I’ve started a company! Everyone else in Berlin has a startup, so I thought I’d launch one too.

M&M Creative, Berlin
M&M Creative, Berlin

I’ve joined forces with actor and writer Mary Kelly, and together, we’re devising original workshops to help individuals and companies maximise creative expression. We have twenty years combined coaching experience (BBC, The Opera Stage, Berlin and The Gaiety School of Acting, Dublin) and our publications include The New York Times, Nick Hern Books, Penguin Random House, Stinging Fly Press, Asia Literary Review and more.
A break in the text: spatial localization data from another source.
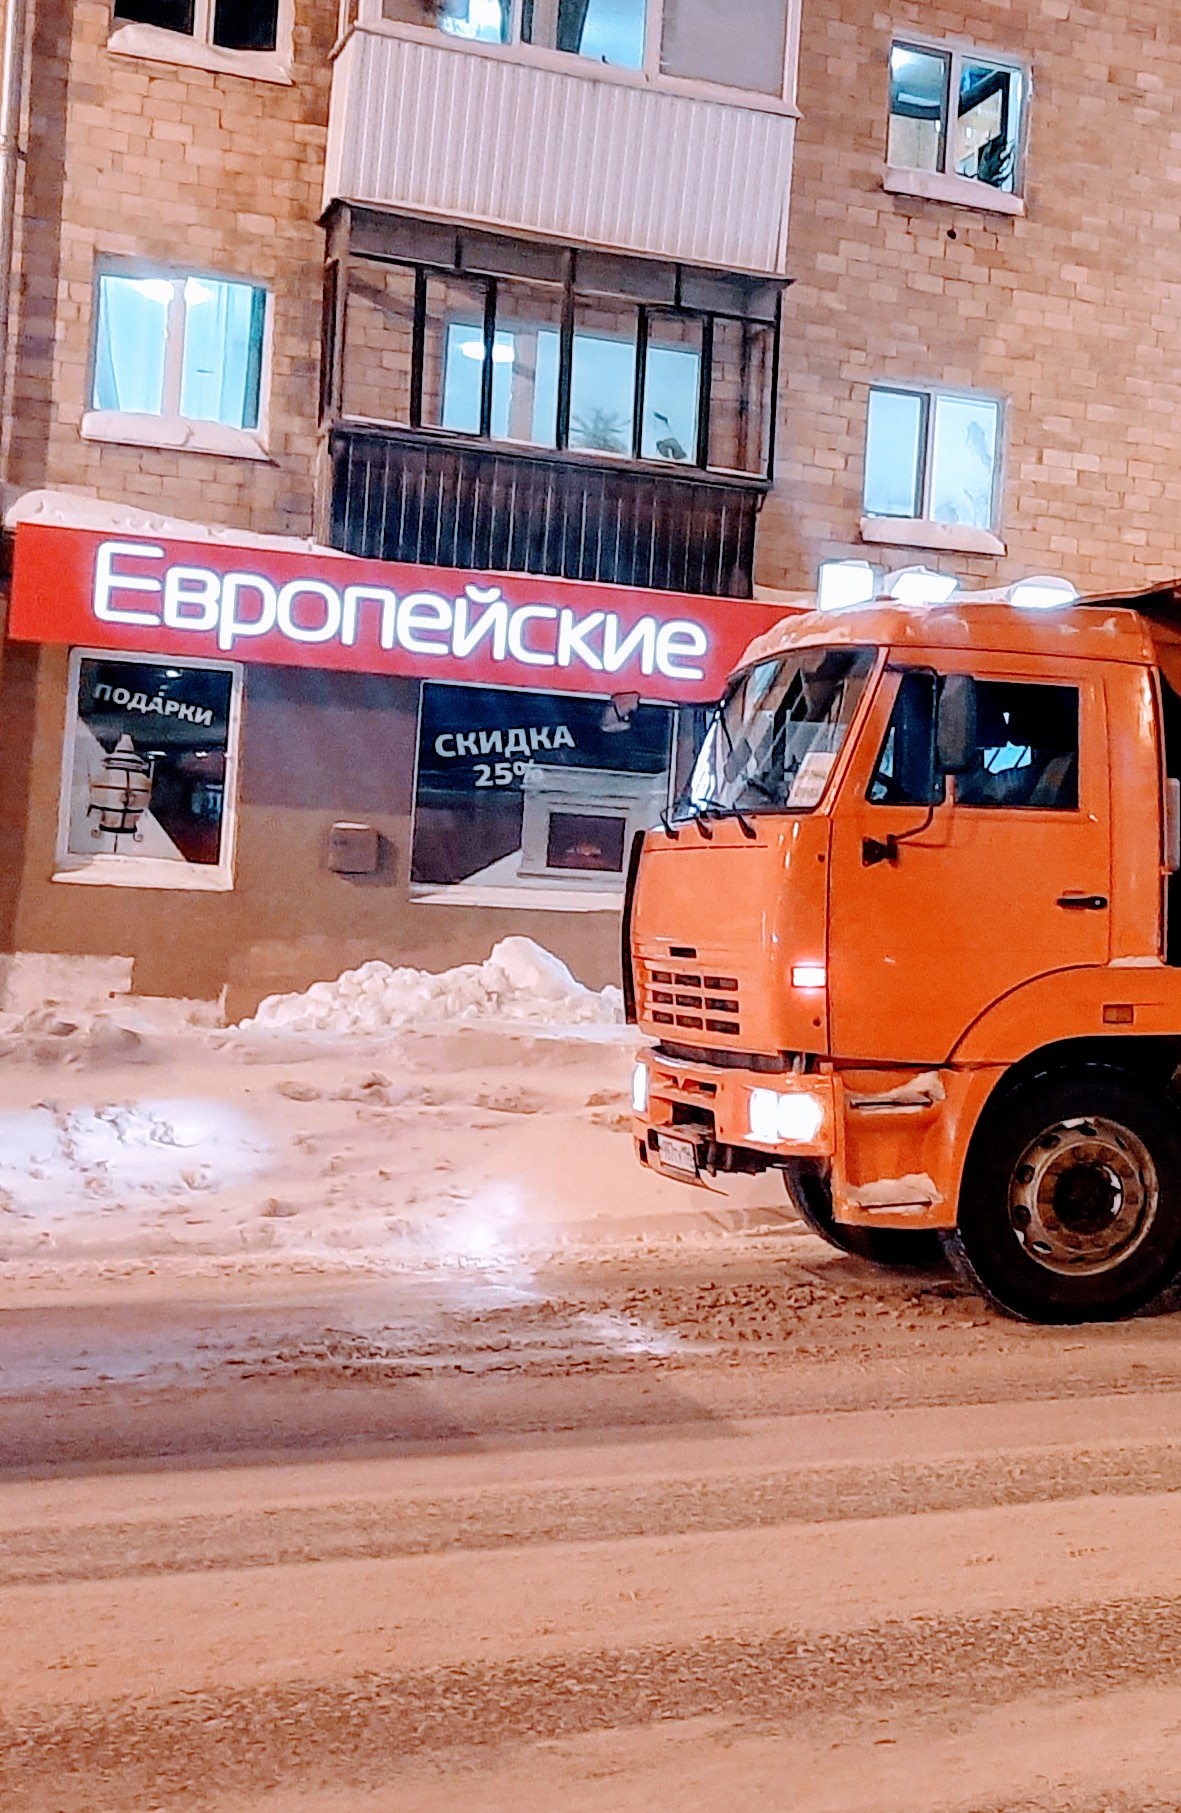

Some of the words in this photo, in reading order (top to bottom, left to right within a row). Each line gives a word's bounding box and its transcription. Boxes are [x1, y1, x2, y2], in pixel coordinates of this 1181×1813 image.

[92, 541, 708, 680] Европейские
[93, 683, 214, 727] ПОДАРКИ
[434, 725, 576, 759] СКИДКА
[472, 758, 545, 788] 25%
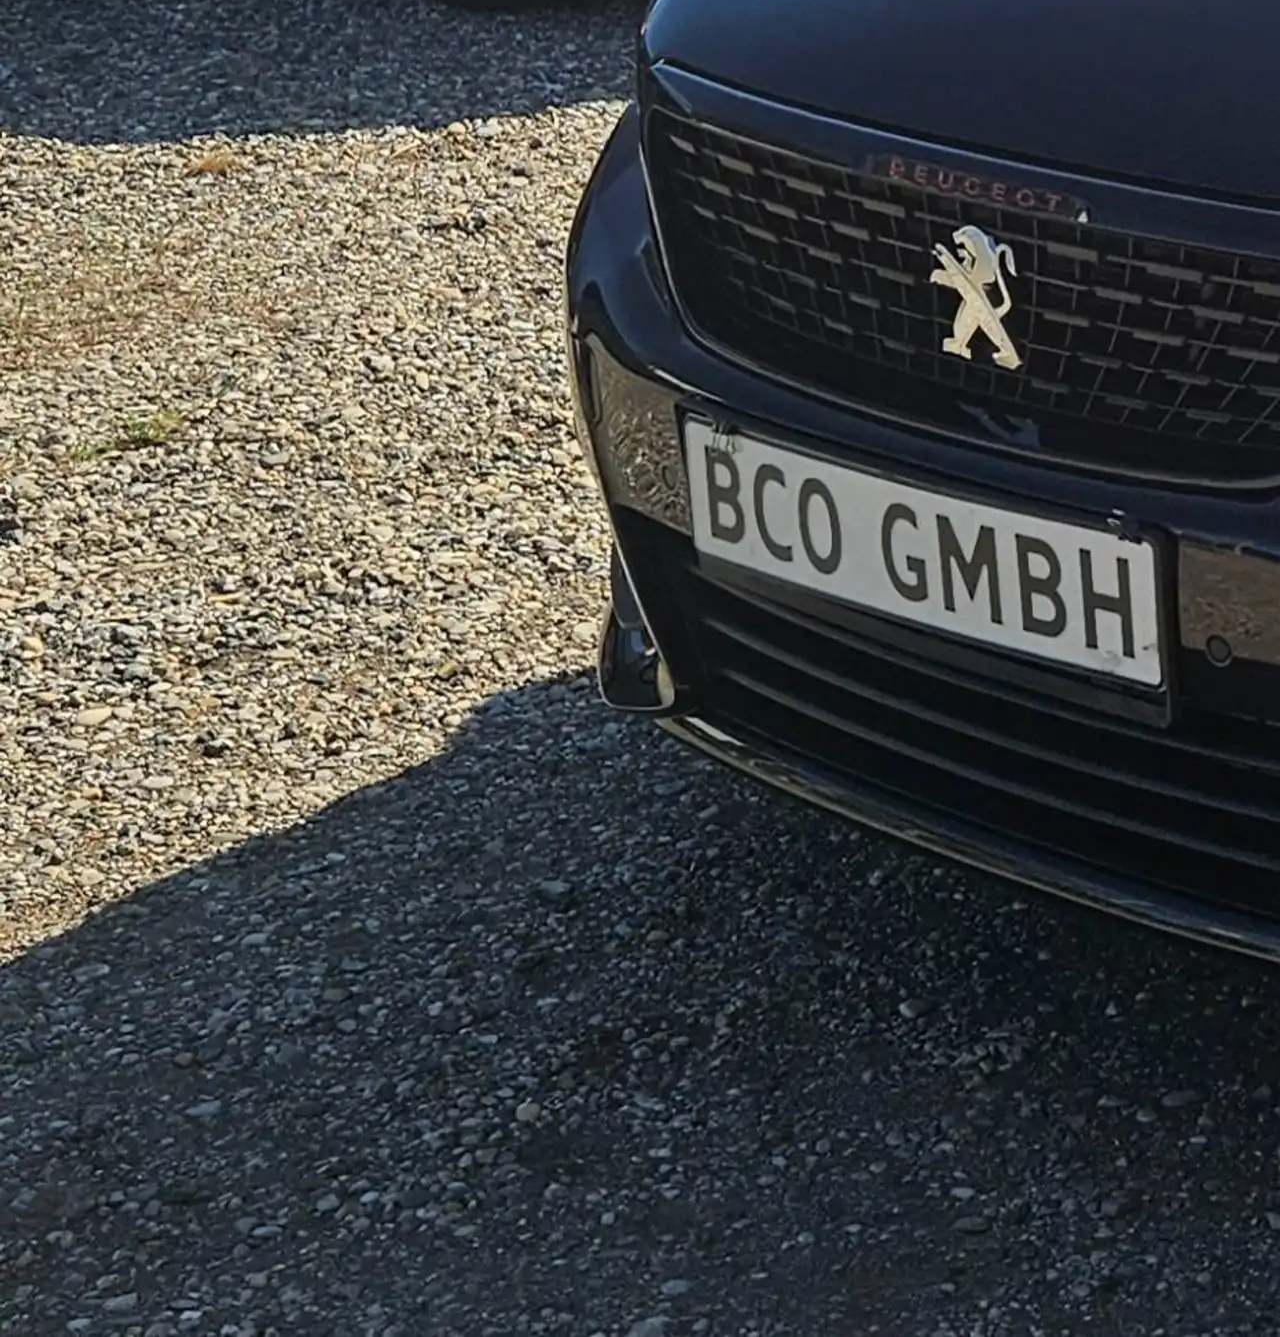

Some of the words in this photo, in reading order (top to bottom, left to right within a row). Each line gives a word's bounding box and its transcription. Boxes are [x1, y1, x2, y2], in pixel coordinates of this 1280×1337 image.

[888, 157, 1063, 212] PEUGEOT
[703, 445, 843, 575] BCO
[880, 502, 1137, 659] GMBH
Great. So when’s the first one?

Our first workshop is for women, trans and non-binary people who want to start writing, continue to develop their craft, or anyone who needs a creative boost. It will take place on Saturday 9th March, from 10 am — 5 pm in Kreuzberg.

How is it original?

We are combining an actor’s approach to character and story with a writer’s.

We will be working on character development, dialogue, structure, layering and subtext by getting people on their feet, into their bodies, and using their physical voices, so what lands on the page is the most connected and full-bodied expression.

What will I get out of it?

You will leave the workshop with new and original work, energised and equipped to continue.

What other workshops are we devising?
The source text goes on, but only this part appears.